Forgotten Armies examines the history of Britain's Southeast Asian possessions, particularly Burma and Malaya during World War II, beginning with a profile of the situation before the war.

Ironically, the economic prosperity of these areas was partly due to extensive Japanese investment. Much of the intelligence-gathering prior to the Japanese invasion was done by the resident Japanese.

Independence movements were emerging, to the extent that some of their leaders had been imprisoned by the British. In some instances, leaders such as the Burmese Aung San fled to Japan and were trained by the Japanese.

Japan's entry into World War II left Britain largely unprepared, as demonstrated by the rapid fall, first of Malaya and Singapore, then of Burma.

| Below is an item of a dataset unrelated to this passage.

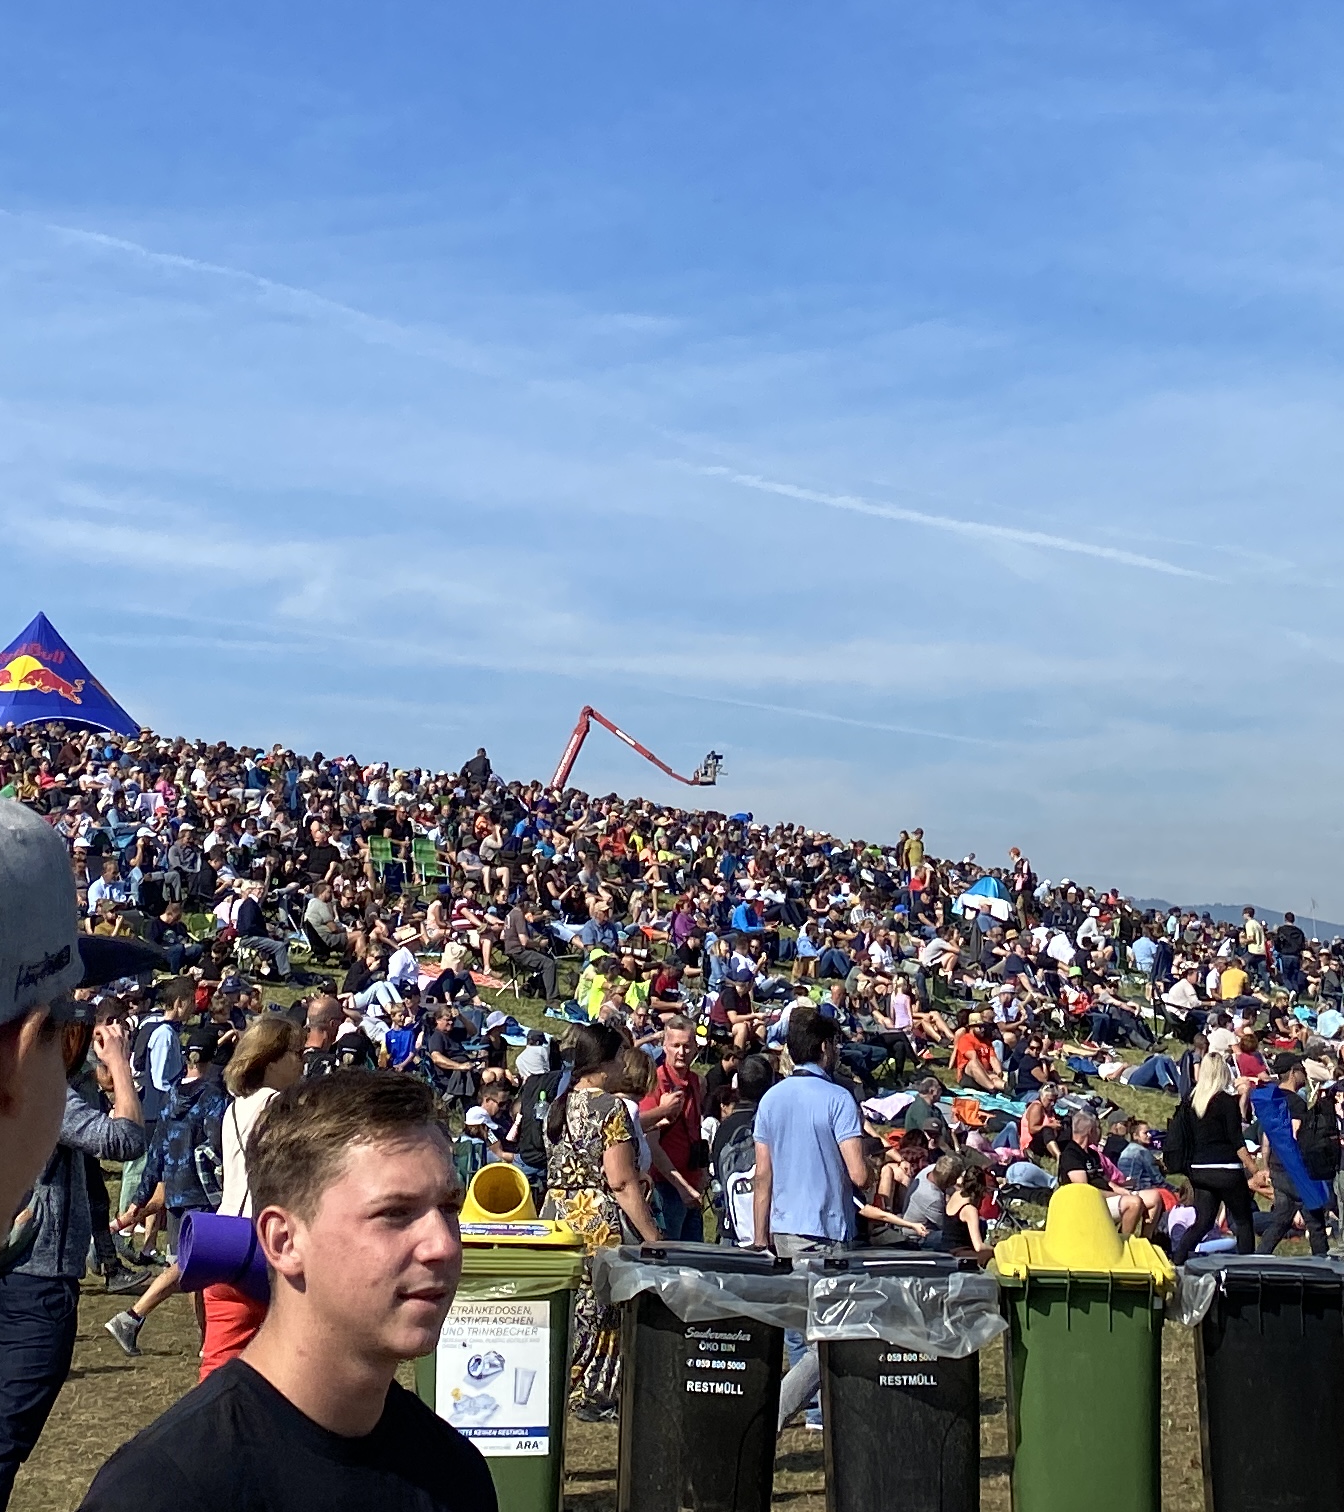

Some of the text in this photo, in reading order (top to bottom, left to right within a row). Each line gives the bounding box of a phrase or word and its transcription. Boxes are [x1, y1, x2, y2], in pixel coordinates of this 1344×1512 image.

Britain's defence relied upon the "Singapore Strategy" which predicated holding out for some three months against a seaborne invasion until a relief fleet should arrive.

Japan's advance, however, was via the mainland, which Britain wrongly believed to be impenetrable jungle; and the ease of advance surprised even the Japanese commanders. For example, the Japanese expected it would take three months to breach the British line of defence in northern Malaya, whereas it was accomplished in 15 hours.

The Japanese advance into Burma was likewise swift. In its wake, thousands attempted to flee overland into India, with many dying of starvation and disease.

The rapid success of the Japanese dispelled belief in British power in the eyes of the local people and was to be one of the chief catalysts in the push for independence following World War II.

Weakened standing

Similarly, Britain's inability to prevent famine in Bengal in 1943 weakened Britain's standing amongst Indians.

These aspirations for independence were encouraged by the Japanese, who presented themselves as liberators and backed indigenous groups, some of whom - such as the Indian Independence Army - fought alongside the Japanese against the British.

However, the local people soon learnt that the Japanese were the real masters and were ruthless in their control. Hence, guerrilla elements, for example communist units, emerged in the jungles.

Forgotten Armies also details Britain's campaigns to wrest control of Burma from the Japanese, the real advances beginning in 1944 and culminating in the recapture of Rangoon in 1945. The British were assisted by various underground movements which fought the Japanese at critical moments in the campaigns.

While the British drew up plans for the re-occupation of their Southeast Asian colonies, they soon realised that their hegemony was coming to an end as India, for example, becoming, for example, achieved independence in 1947.

This monograph is a very interesting and informative overview of this period of history. Perhaps its greatest strength is that it analyses key events and trends from the perspectives of all parties - the British, the local populations and the Japanese.